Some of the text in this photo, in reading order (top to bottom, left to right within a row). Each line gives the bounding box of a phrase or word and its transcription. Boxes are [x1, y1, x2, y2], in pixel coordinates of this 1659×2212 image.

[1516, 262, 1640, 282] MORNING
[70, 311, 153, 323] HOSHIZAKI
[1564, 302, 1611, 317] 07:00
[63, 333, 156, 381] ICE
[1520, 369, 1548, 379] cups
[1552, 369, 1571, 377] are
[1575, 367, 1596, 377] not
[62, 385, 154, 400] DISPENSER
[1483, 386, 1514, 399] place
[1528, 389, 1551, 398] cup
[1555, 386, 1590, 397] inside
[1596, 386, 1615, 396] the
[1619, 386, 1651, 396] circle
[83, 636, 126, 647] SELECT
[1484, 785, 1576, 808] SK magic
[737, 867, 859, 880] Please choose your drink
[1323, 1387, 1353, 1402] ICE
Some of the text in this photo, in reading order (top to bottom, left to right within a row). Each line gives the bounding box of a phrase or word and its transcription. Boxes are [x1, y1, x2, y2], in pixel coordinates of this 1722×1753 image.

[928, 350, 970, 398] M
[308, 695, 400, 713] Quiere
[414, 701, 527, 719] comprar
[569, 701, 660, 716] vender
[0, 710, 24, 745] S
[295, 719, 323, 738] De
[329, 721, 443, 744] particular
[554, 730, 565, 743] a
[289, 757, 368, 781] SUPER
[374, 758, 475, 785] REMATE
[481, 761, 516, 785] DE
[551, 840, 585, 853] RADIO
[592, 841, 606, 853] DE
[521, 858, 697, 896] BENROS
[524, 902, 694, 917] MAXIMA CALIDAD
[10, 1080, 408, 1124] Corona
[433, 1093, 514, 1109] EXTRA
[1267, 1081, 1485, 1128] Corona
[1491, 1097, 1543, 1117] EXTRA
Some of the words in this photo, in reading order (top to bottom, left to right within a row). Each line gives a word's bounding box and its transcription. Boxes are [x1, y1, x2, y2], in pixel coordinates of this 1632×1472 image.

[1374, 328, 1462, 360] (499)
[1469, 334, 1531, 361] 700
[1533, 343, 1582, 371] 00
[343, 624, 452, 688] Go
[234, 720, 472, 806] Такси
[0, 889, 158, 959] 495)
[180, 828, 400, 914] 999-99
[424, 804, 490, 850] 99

To do |
Can you give every line above again, exactly as written?

Result of this task |
Some of the text in this photo, in reading order (top to bottom, left to right within a row). Each line gives the bounding box of a phrase or word and its transcription. Boxes are [x1, y1, x2, y2], in pixel coordinates of this 1659×2212 image.

[1516, 262, 1640, 282] MORNING
[70, 311, 153, 323] HOSHIZAKI
[1564, 302, 1611, 317] 07:00
[63, 333, 156, 381] ICE
[1520, 369, 1548, 379] cups
[1552, 369, 1571, 377] are
[1575, 367, 1596, 377] not
[62, 385, 154, 400] DISPENSER
[1483, 386, 1514, 399] place
[1528, 389, 1551, 398] cup
[1555, 386, 1590, 397] inside
[1596, 386, 1615, 396] the
[1619, 386, 1651, 396] circle
[83, 636, 126, 647] SELECT
[1484, 785, 1576, 808] SK magic
[737, 867, 859, 880] Please choose your drink
[1323, 1387, 1353, 1402] ICE
Some of the text in this photo, in reading order (top to bottom, left to right within a row). Each line gives the bounding box of a phrase or word and its transcription. Boxes are [x1, y1, x2, y2], in pixel coordinates of this 1722×1753 image.

[928, 350, 970, 398] M
[308, 695, 400, 713] Quiere
[414, 701, 527, 719] comprar
[569, 701, 660, 716] vender
[0, 710, 24, 745] S
[295, 719, 323, 738] De
[329, 721, 443, 744] particular
[554, 730, 565, 743] a
[289, 757, 368, 781] SUPER
[374, 758, 475, 785] REMATE
[481, 761, 516, 785] DE
[551, 840, 585, 853] RADIO
[592, 841, 606, 853] DE
[521, 858, 697, 896] BENROS
[524, 902, 694, 917] MAXIMA CALIDAD
[10, 1080, 408, 1124] Corona
[433, 1093, 514, 1109] EXTRA
[1267, 1081, 1485, 1128] Corona
[1491, 1097, 1543, 1117] EXTRA
Some of the words in this photo, in reading order (top to bottom, left to right within a row). Each line gives a word's bounding box and its transcription. Boxes are [x1, y1, x2, y2], in pixel coordinates of this 1632×1472 image.

[1374, 328, 1462, 360] (499)
[1469, 334, 1531, 361] 700
[1533, 343, 1582, 371] 00
[343, 624, 452, 688] Go
[234, 720, 472, 806] Такси
[0, 889, 158, 959] 495)
[180, 828, 400, 914] 999-99
[424, 804, 490, 850] 99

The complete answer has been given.